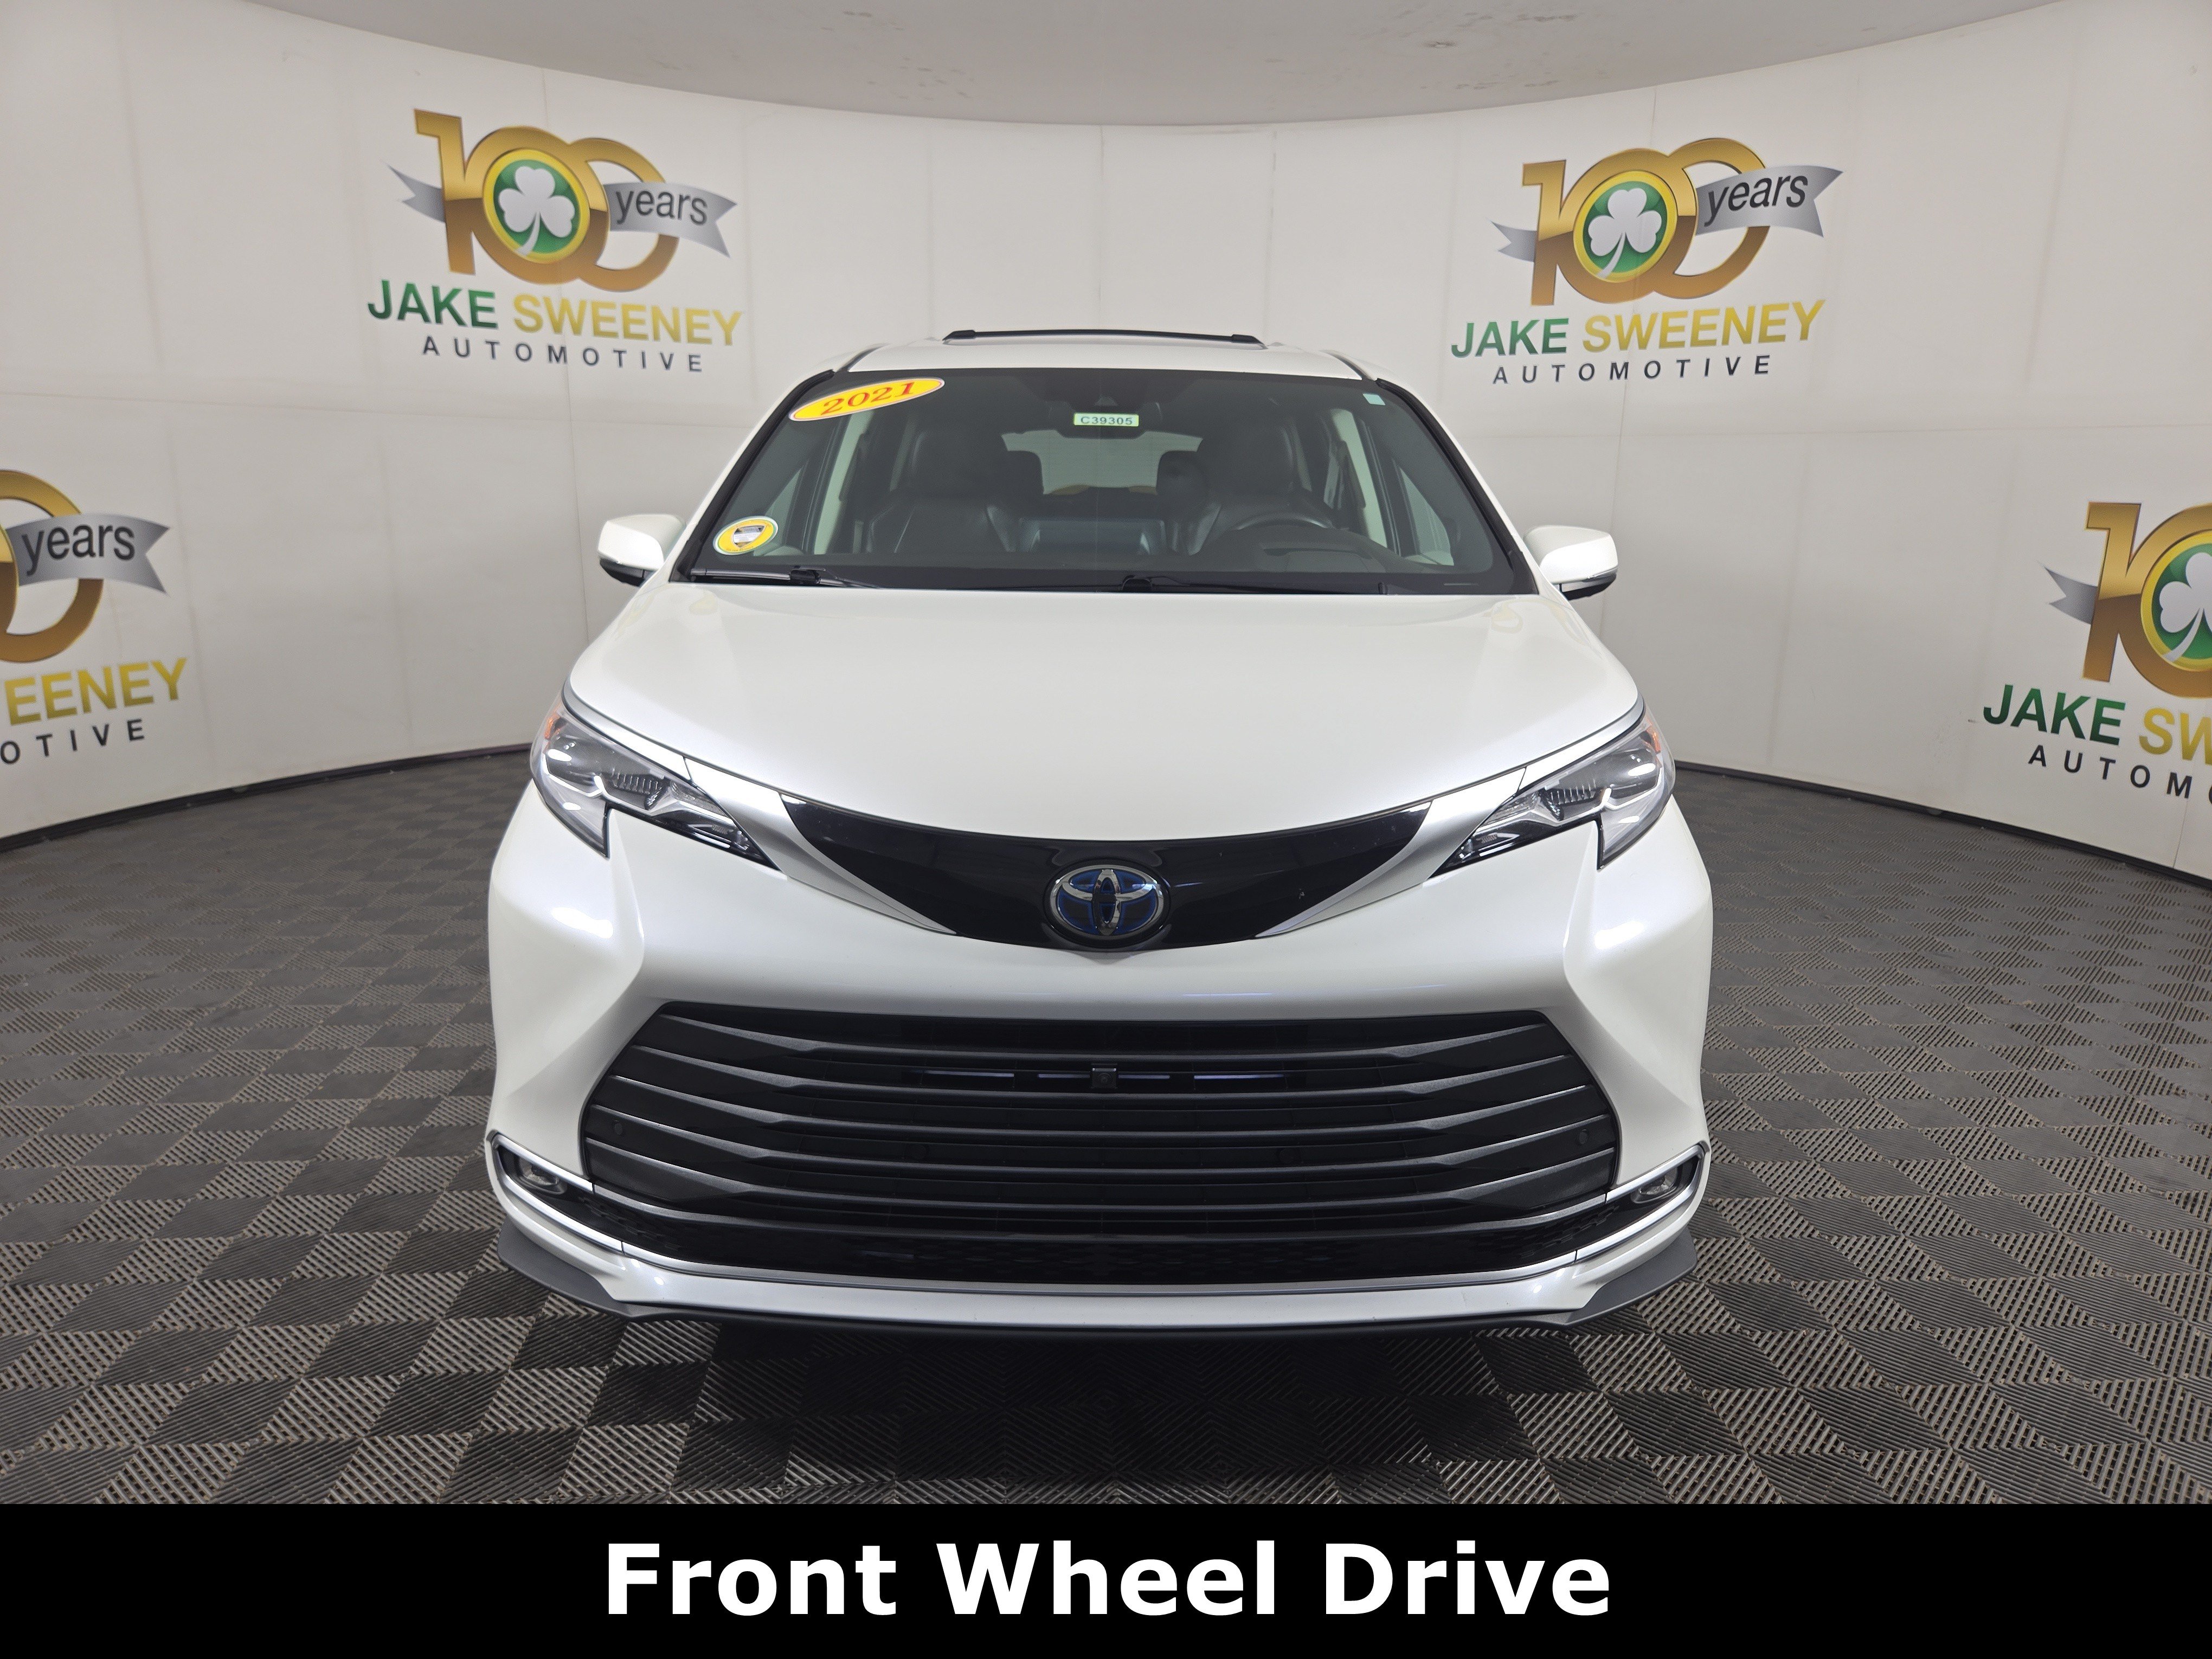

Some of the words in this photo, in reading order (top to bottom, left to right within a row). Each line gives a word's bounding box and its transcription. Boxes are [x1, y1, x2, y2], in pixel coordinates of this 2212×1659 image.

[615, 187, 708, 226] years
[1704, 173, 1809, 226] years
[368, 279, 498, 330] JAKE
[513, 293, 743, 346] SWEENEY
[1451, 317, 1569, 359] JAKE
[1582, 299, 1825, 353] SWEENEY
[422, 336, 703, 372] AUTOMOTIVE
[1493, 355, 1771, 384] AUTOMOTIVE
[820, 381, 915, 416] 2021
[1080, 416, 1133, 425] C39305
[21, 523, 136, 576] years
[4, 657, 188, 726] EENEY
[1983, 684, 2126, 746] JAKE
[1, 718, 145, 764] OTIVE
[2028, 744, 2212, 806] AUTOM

========================================

■ **TASK GOAL**:
Write the records out again exactly as shown above, keeping no pictures.

■ **RESULT OF THIS TASK**:
Some of the words in this photo, in reading order (top to bottom, left to right within a row). Each line gives a word's bounding box and its transcription. Boxes are [x1, y1, x2, y2], in pixel coordinates of this 2212×1659 image.

[615, 187, 708, 226] years
[1704, 173, 1809, 226] years
[368, 279, 498, 330] JAKE
[513, 293, 743, 346] SWEENEY
[1451, 317, 1569, 359] JAKE
[1582, 299, 1825, 353] SWEENEY
[422, 336, 703, 372] AUTOMOTIVE
[1493, 355, 1771, 384] AUTOMOTIVE
[820, 381, 915, 416] 2021
[1080, 416, 1133, 425] C39305
[21, 523, 136, 576] years
[4, 657, 188, 726] EENEY
[1983, 684, 2126, 746] JAKE
[1, 718, 145, 764] OTIVE
[2028, 744, 2212, 806] AUTOM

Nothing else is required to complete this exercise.